Top of MATERIAL TO PROCESS
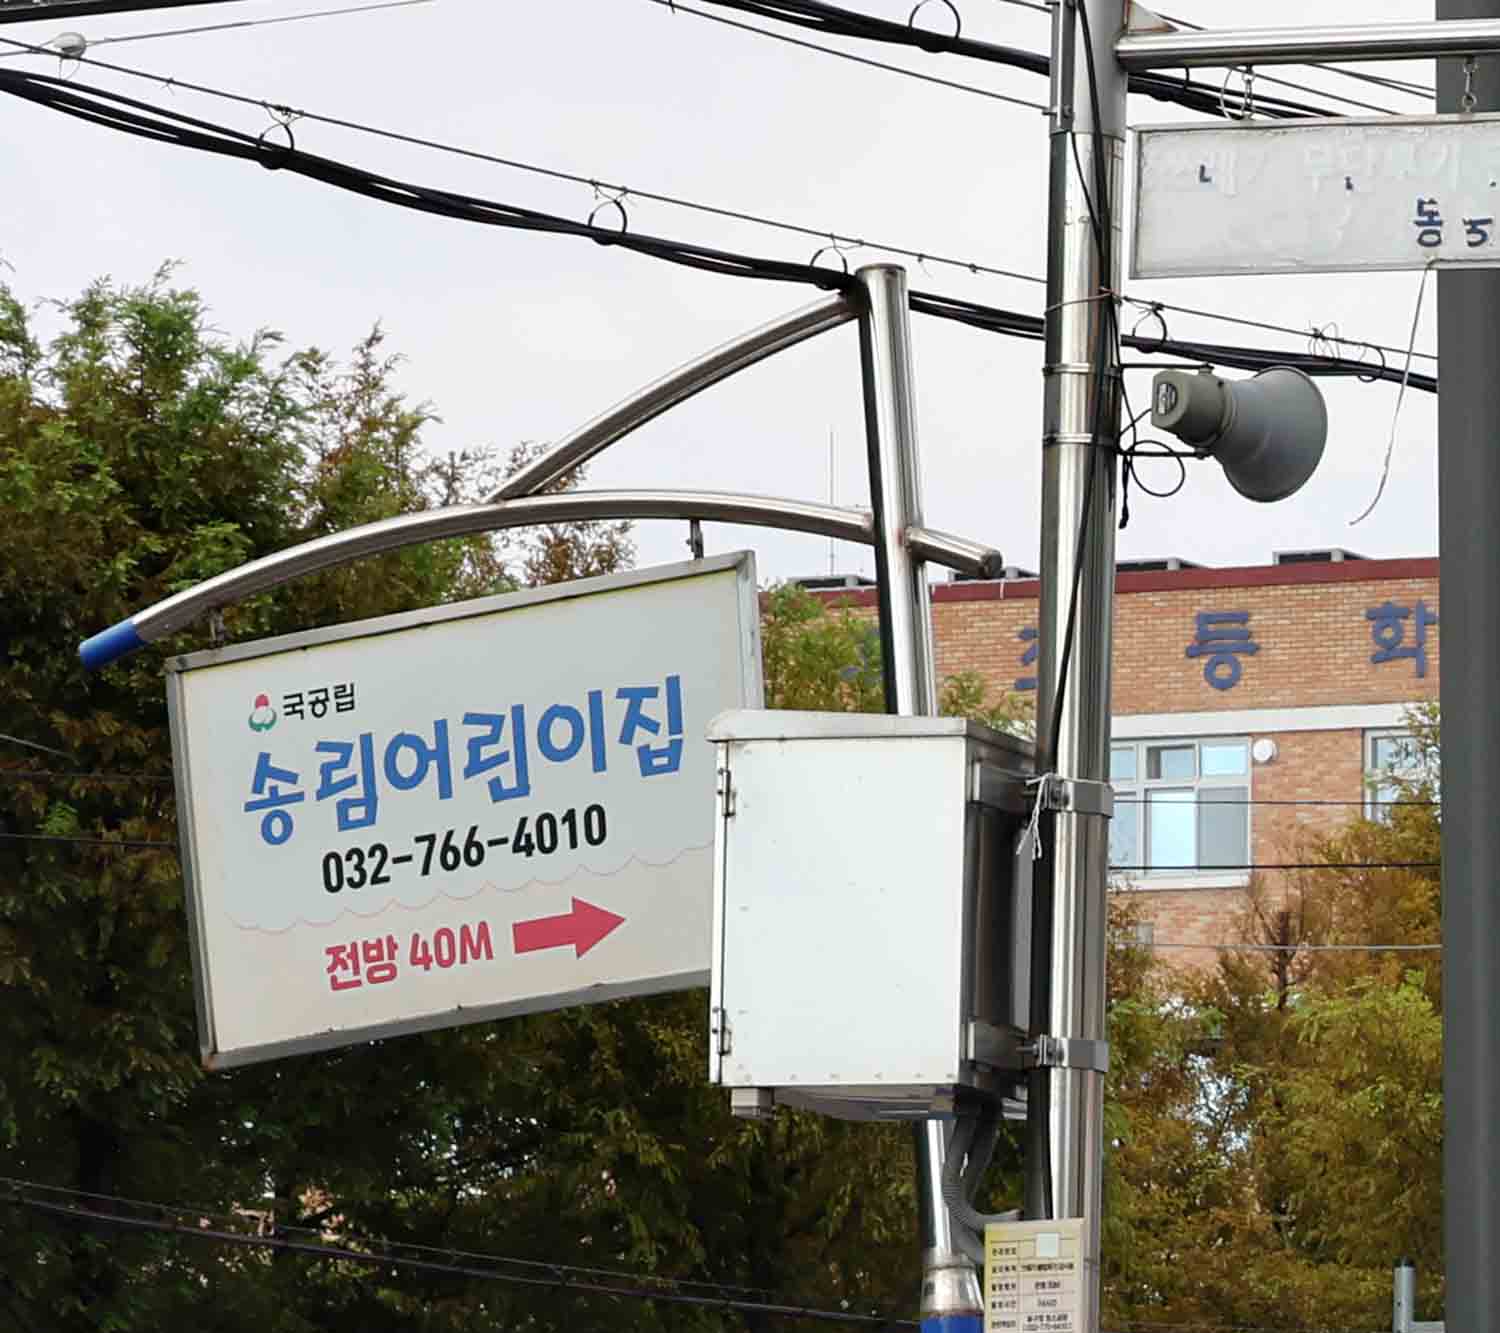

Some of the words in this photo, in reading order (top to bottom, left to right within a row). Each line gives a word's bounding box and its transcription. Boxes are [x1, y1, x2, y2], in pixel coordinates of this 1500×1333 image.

[283, 683, 357, 720] 국공립
[244, 674, 685, 845] 송림어린이집
[322, 803, 607, 893] 032-766-4010
[325, 939, 399, 991] 전방
[409, 920, 493, 971] 40M
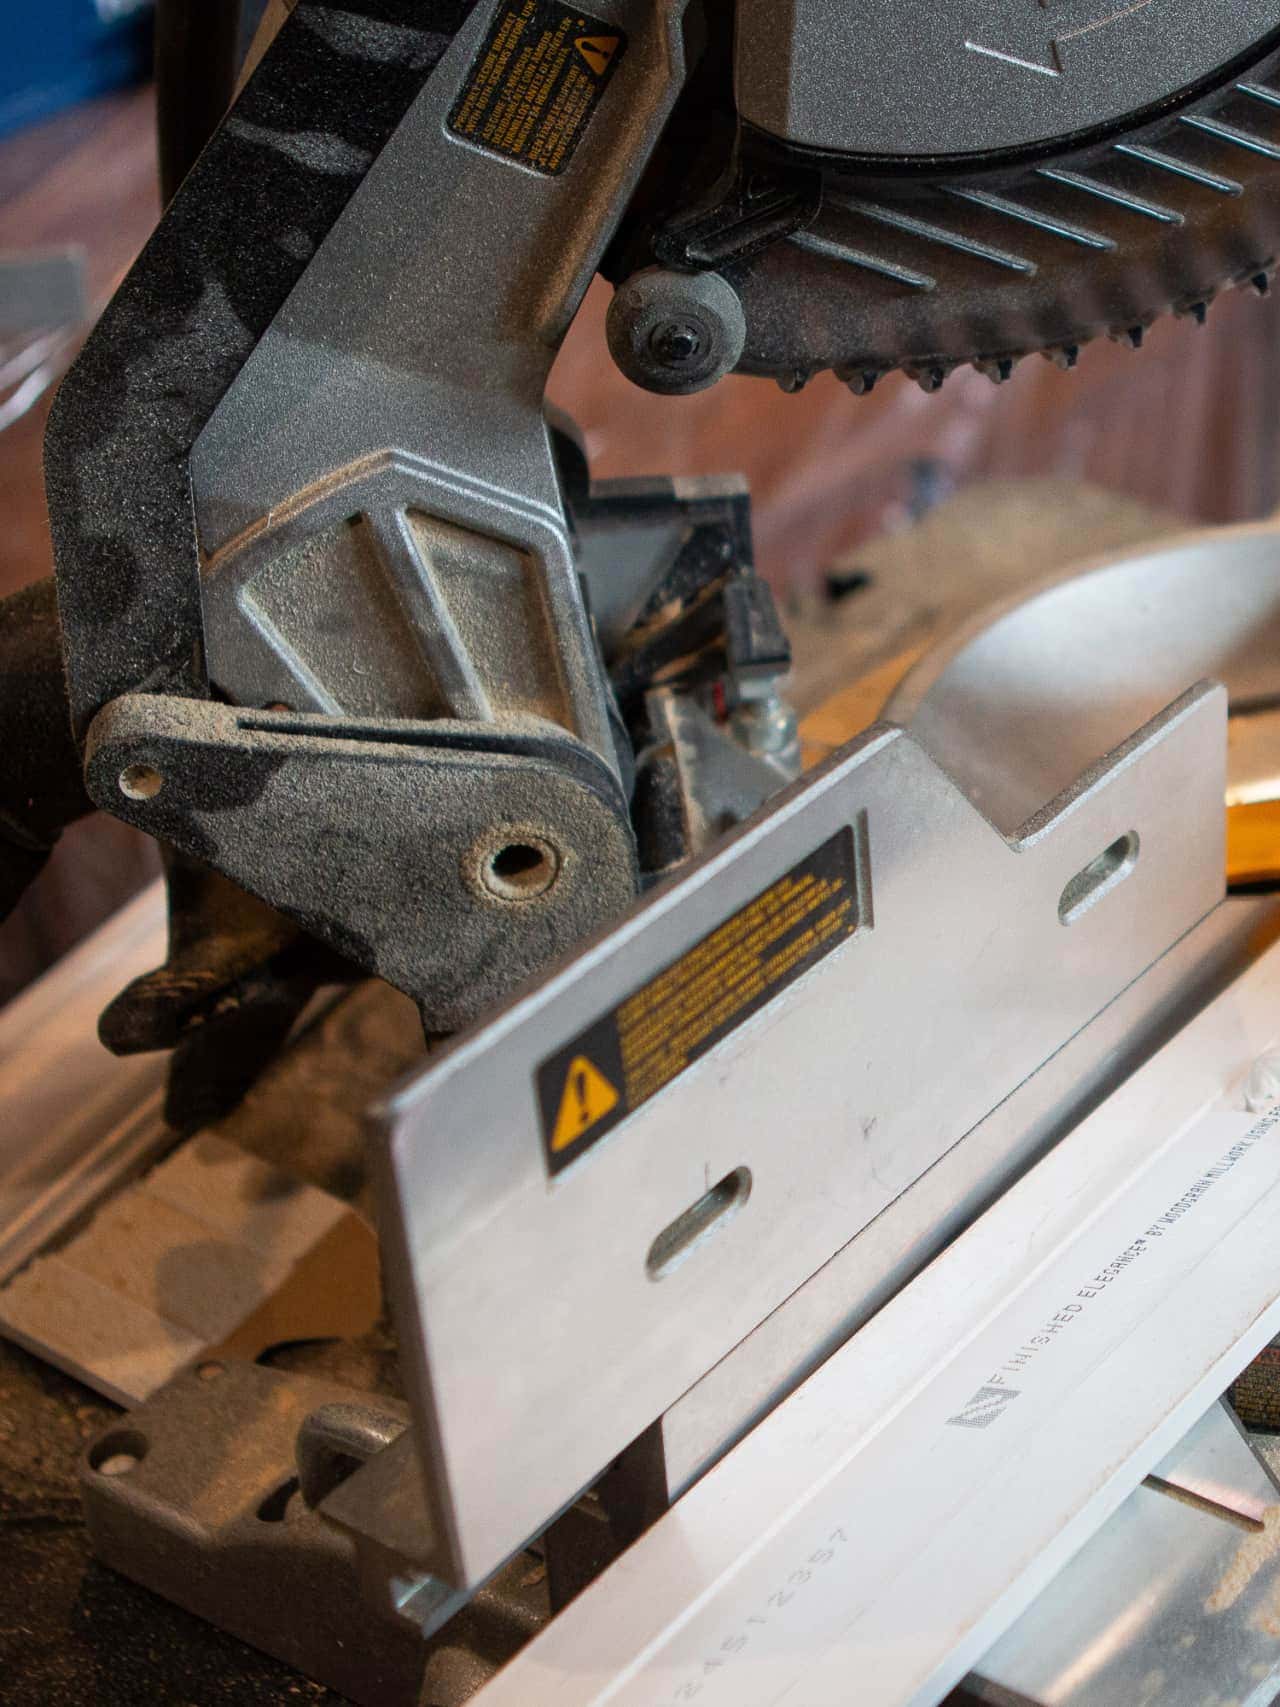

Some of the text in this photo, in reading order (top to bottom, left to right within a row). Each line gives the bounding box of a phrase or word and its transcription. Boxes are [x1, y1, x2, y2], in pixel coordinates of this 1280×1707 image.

[987, 1303, 1083, 1385] FINISHED
[1144, 1225, 1166, 1236] BY
[1158, 1180, 1215, 1224] WOODGRAIN
[1205, 1141, 1254, 1179] MILLWORK
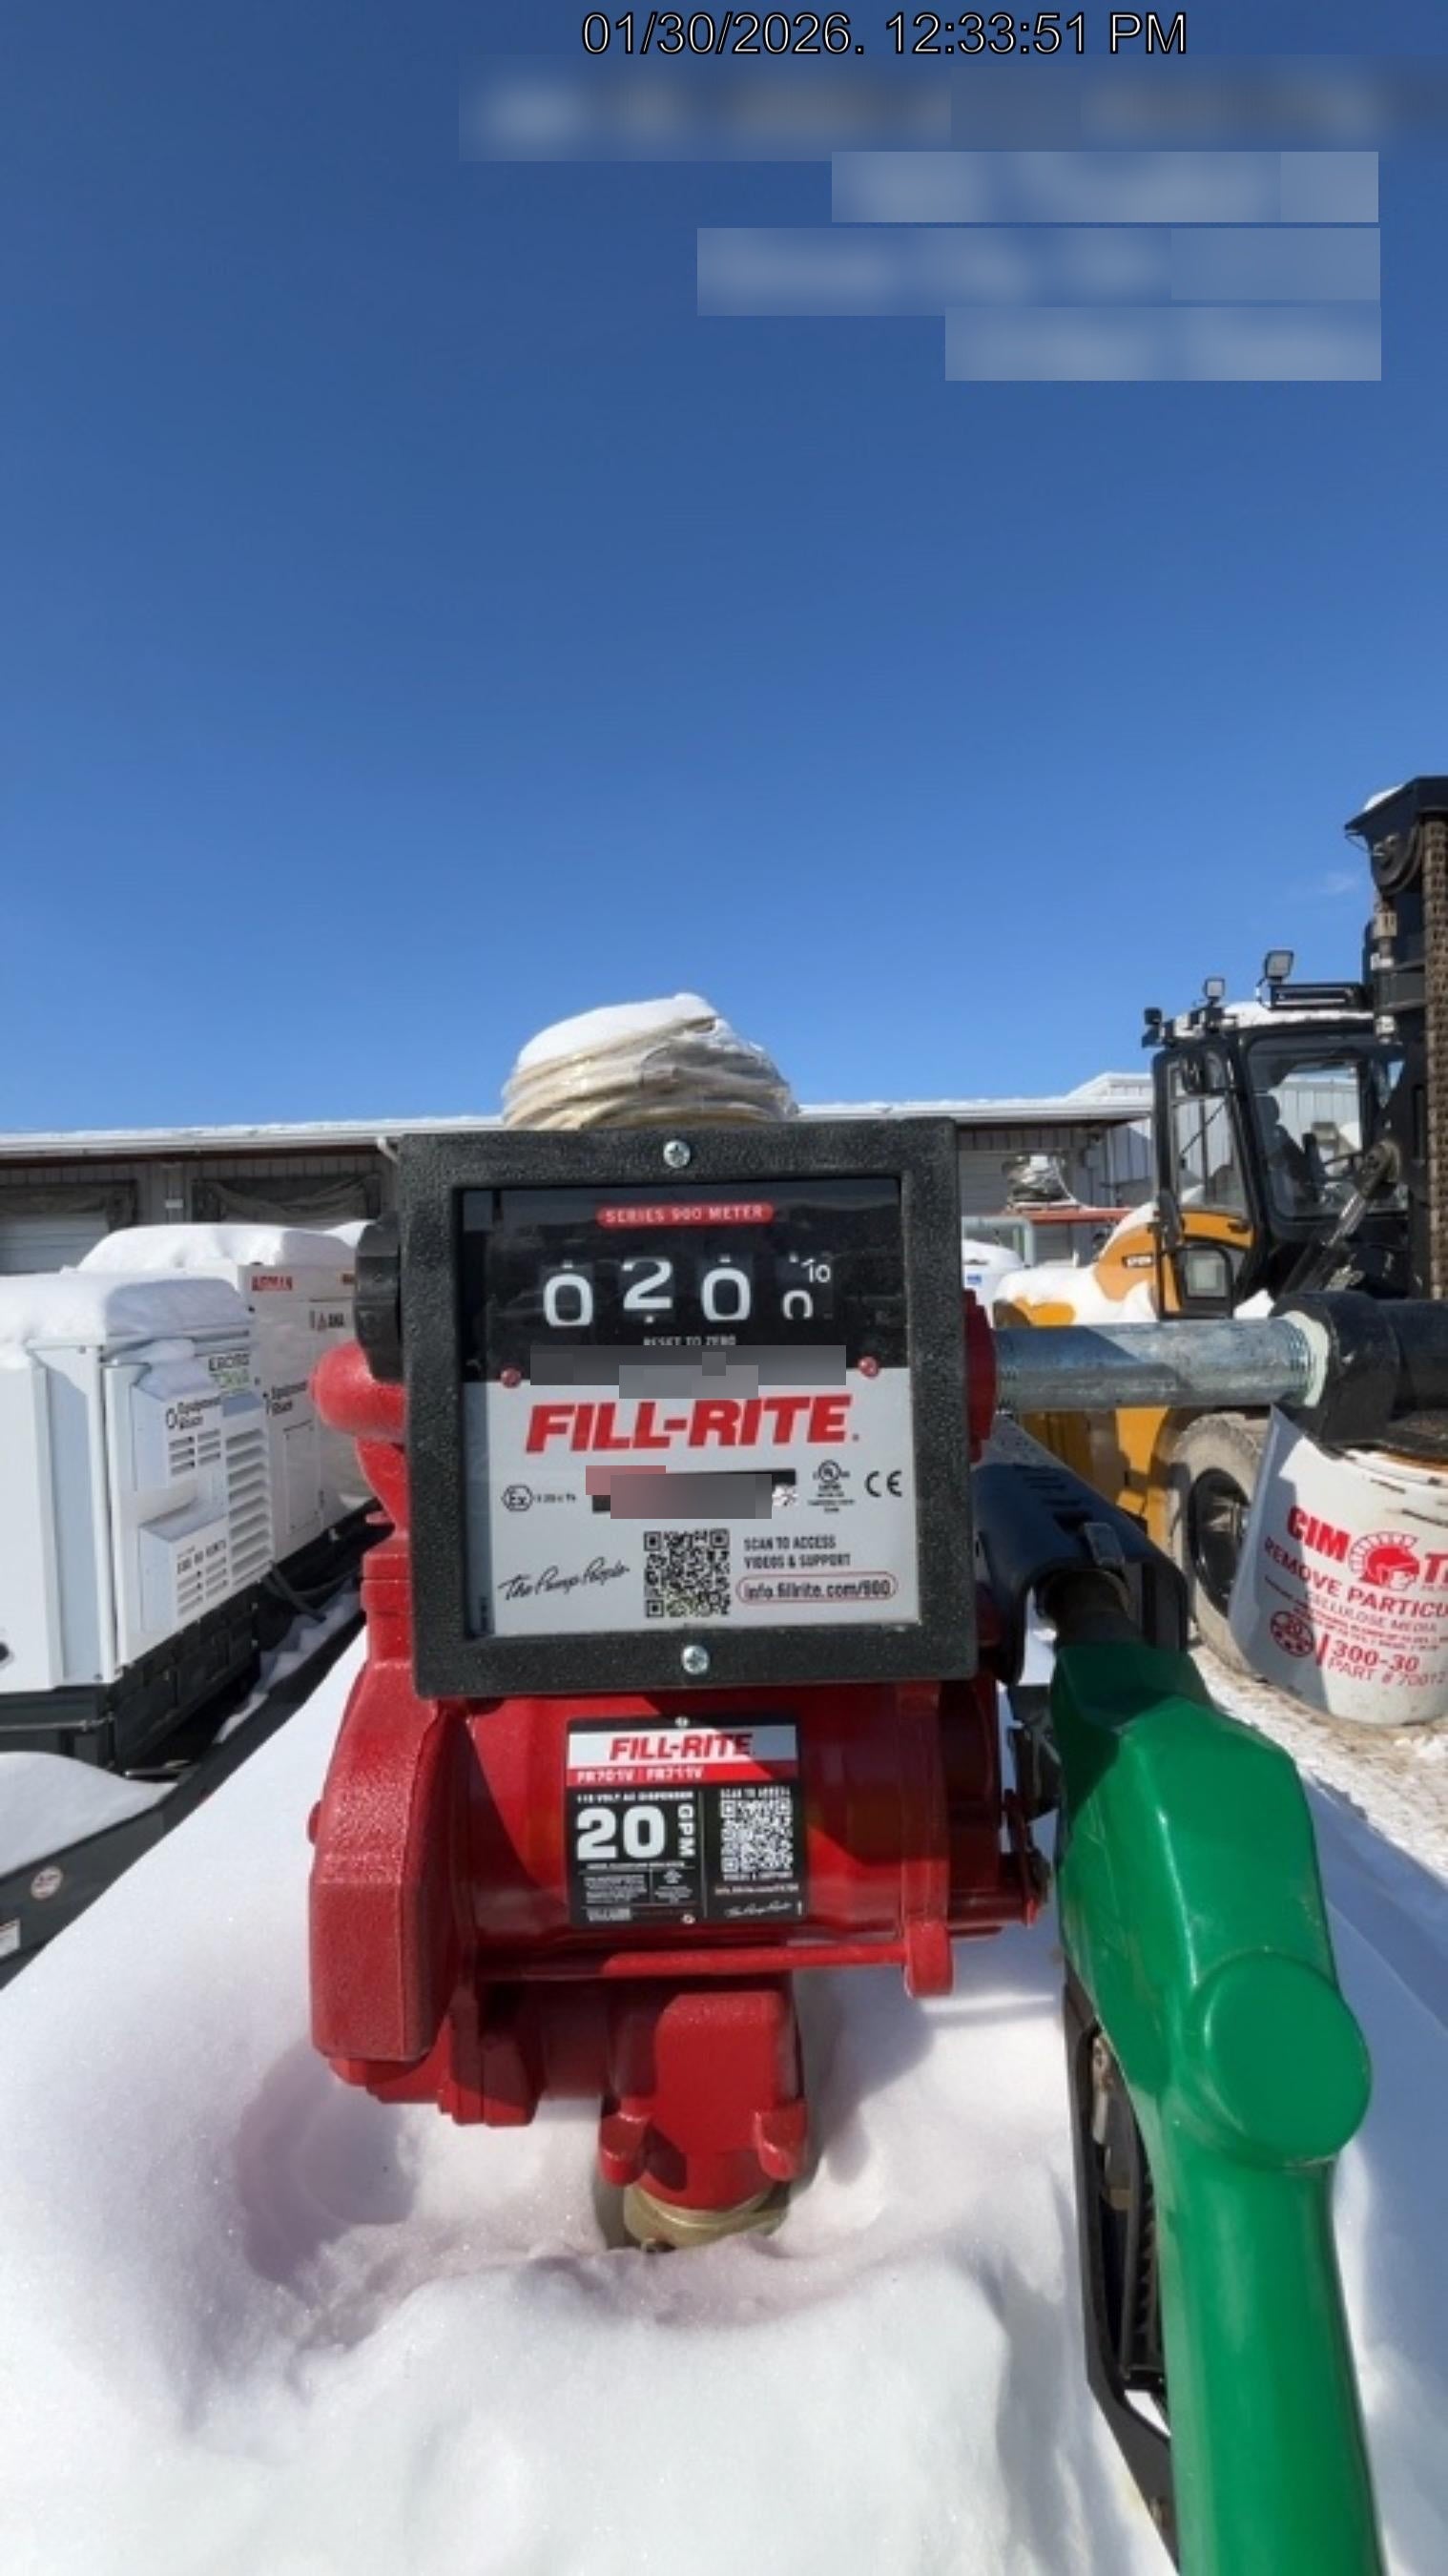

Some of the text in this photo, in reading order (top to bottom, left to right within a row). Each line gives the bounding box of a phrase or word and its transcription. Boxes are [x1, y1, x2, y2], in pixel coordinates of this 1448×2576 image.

[605, 1204, 764, 1224] SERIES 900 METER
[744, 1534, 837, 1551] SCAN TO ACCESS
[1288, 1505, 1448, 1585] CIM T
[744, 1555, 785, 1569] VIDEOS
[798, 1553, 851, 1567] SUPPORT
[1264, 1536, 1343, 1598] REMOVE
[1327, 1657, 1376, 1681] PART
[1334, 1639, 1420, 1672] 300-30
[576, 1805, 666, 1861] 20
[677, 1802, 696, 1859] GPM
Bottom of MATERIAL TO PROCESS
▸ **TASK DESCRIPTION**
Set down the records precisely as they appear. Any picture stays out.

▸ **SOLVED PROBLEM**
Some of the words in this photo, in reading order (top to bottom, left to right within a row). Each line gives a word's bounding box and its transcription. Boxes are [x1, y1, x2, y2], in pixel coordinates of this 1500×1333 image.

[283, 683, 357, 720] 국공립
[244, 674, 685, 845] 송림어린이집
[322, 803, 607, 893] 032-766-4010
[325, 939, 399, 991] 전방
[409, 920, 493, 971] 40M

Some of the text in this photo, in reading order (top to bottom, left to right within a row). Each line gives the bounding box of a phrase or word and its transcription. Boxes are [x1, y1, x2, y2], in pixel coordinates of this 1280×1707 image.

[987, 1303, 1083, 1385] FINISHED
[1144, 1225, 1166, 1236] BY
[1158, 1180, 1215, 1224] WOODGRAIN
[1205, 1141, 1254, 1179] MILLWORK

Some of the text in this photo, in reading order (top to bottom, left to right within a row). Each line gives the bounding box of a phrase or word and its transcription. Boxes are [x1, y1, x2, y2], in pixel coordinates of this 1448×2576 image.

[605, 1204, 764, 1224] SERIES 900 METER
[744, 1534, 837, 1551] SCAN TO ACCESS
[1288, 1505, 1448, 1585] CIM T
[744, 1555, 785, 1569] VIDEOS
[798, 1553, 851, 1567] SUPPORT
[1264, 1536, 1343, 1598] REMOVE
[1327, 1657, 1376, 1681] PART
[1334, 1639, 1420, 1672] 300-30
[576, 1805, 666, 1861] 20
[677, 1802, 696, 1859] GPM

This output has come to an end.